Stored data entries
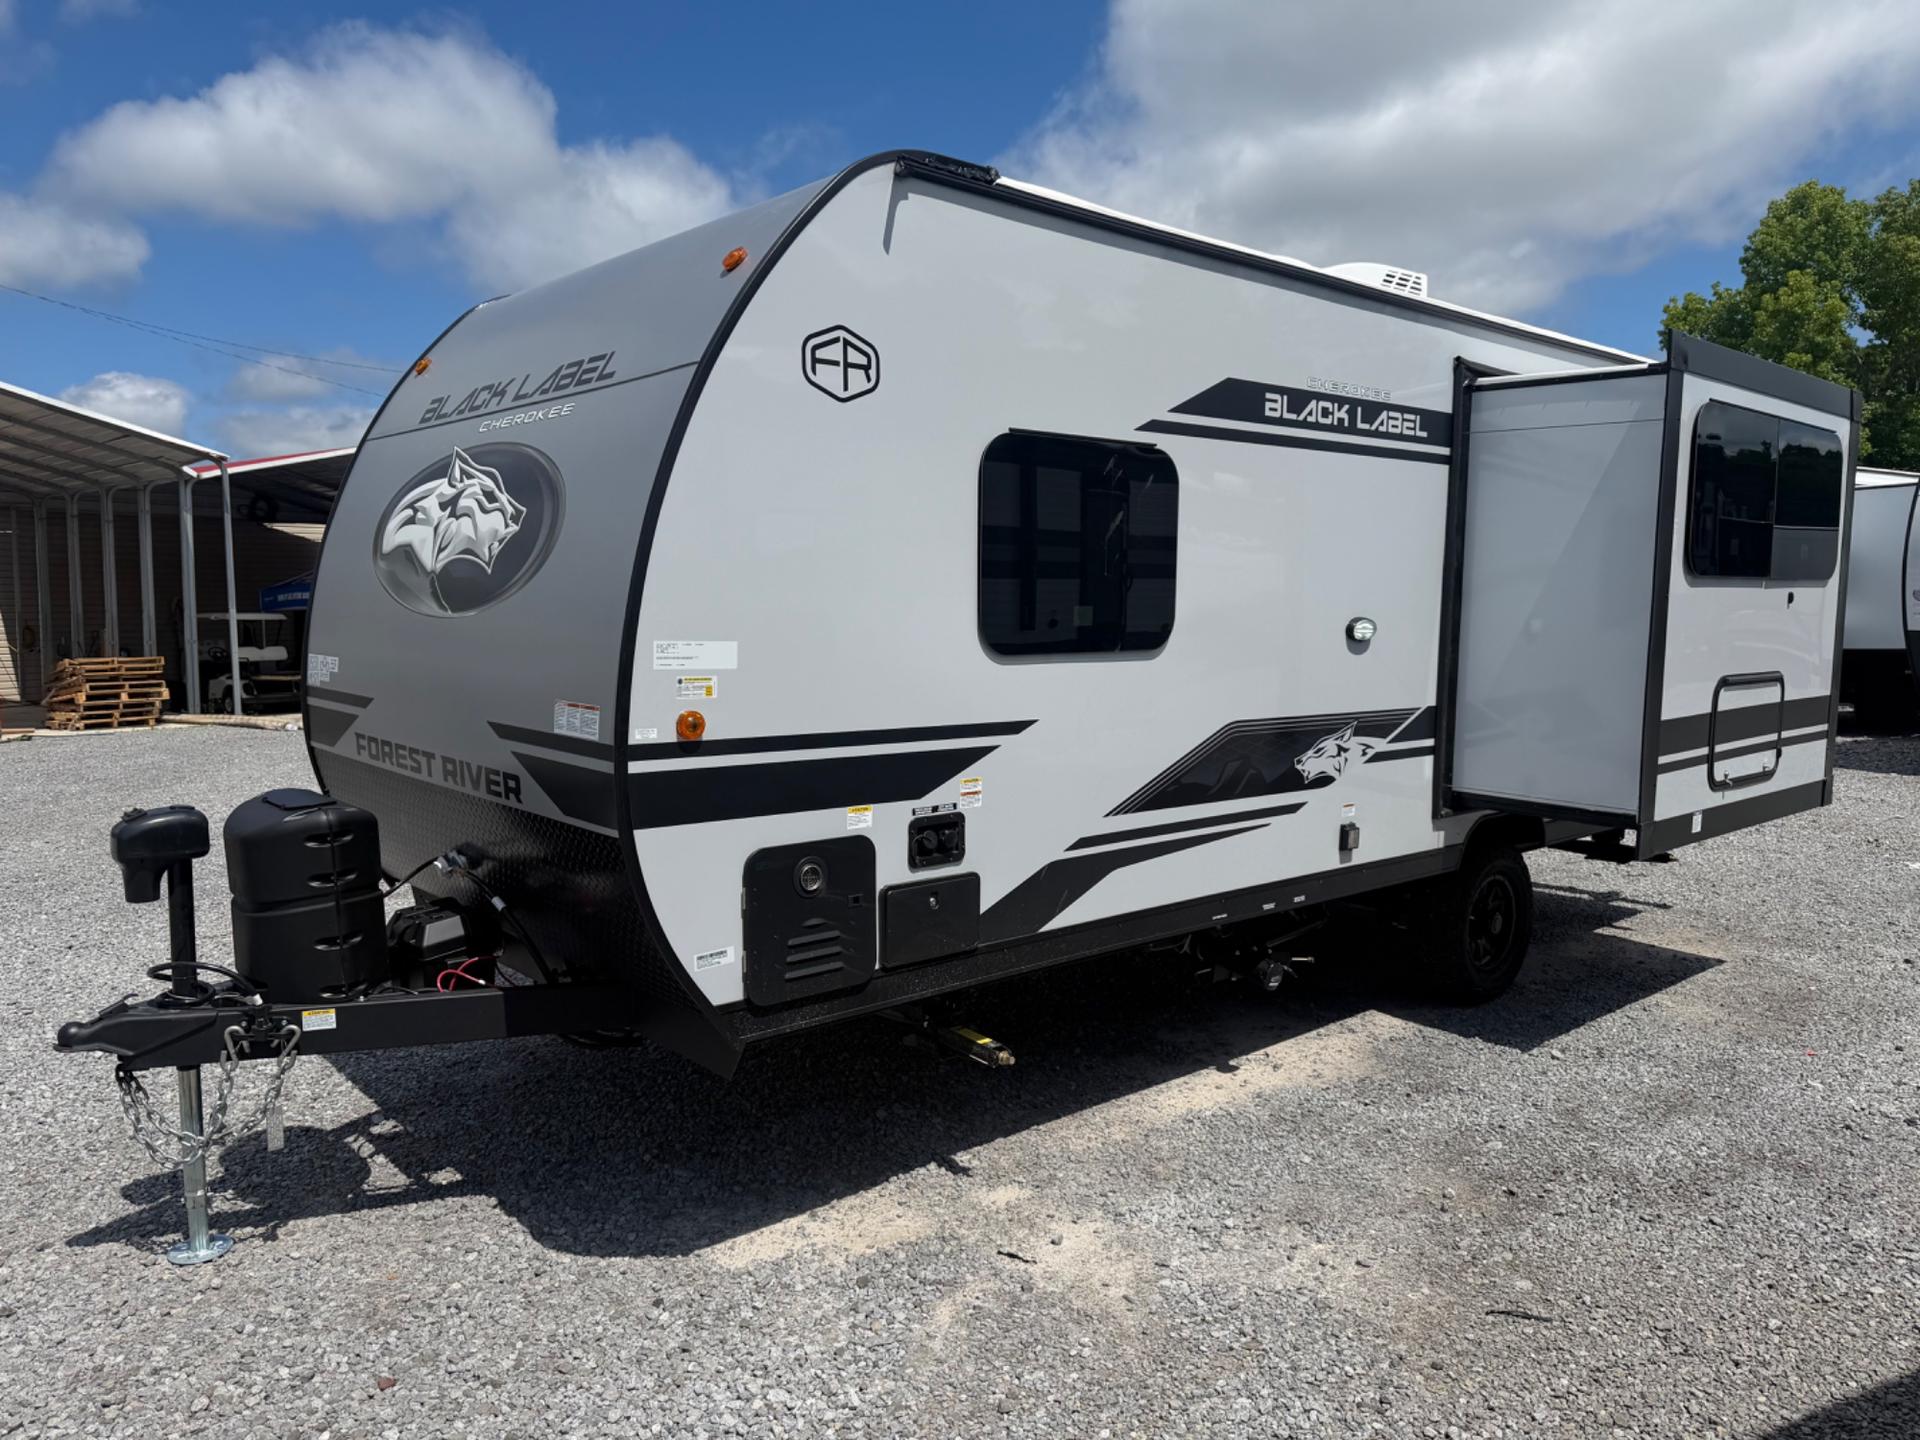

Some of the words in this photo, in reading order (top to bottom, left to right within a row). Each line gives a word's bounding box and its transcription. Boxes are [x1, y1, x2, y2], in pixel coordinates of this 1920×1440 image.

[418, 376, 516, 424] BLACK
[511, 351, 616, 402] LABEL
[1306, 376, 1393, 401] CHEROKEE
[479, 402, 576, 432] CHEROKEE
[1264, 392, 1350, 427] BLACK
[1356, 406, 1428, 438] LABEL
[354, 732, 436, 778] FOREST
[441, 755, 524, 804] RIVER

## ABOUT THIS EXERCISE
Omit the pictures; restate every entry word for word.

## REPLY TO THE TASK
Some of the words in this photo, in reading order (top to bottom, left to right within a row). Each line gives a word's bounding box and its transcription. Boxes are [x1, y1, x2, y2], in pixel coordinates of this 1920×1440 image.

[418, 376, 516, 424] BLACK
[511, 351, 616, 402] LABEL
[1306, 376, 1393, 401] CHEROKEE
[479, 402, 576, 432] CHEROKEE
[1264, 392, 1350, 427] BLACK
[1356, 406, 1428, 438] LABEL
[354, 732, 436, 778] FOREST
[441, 755, 524, 804] RIVER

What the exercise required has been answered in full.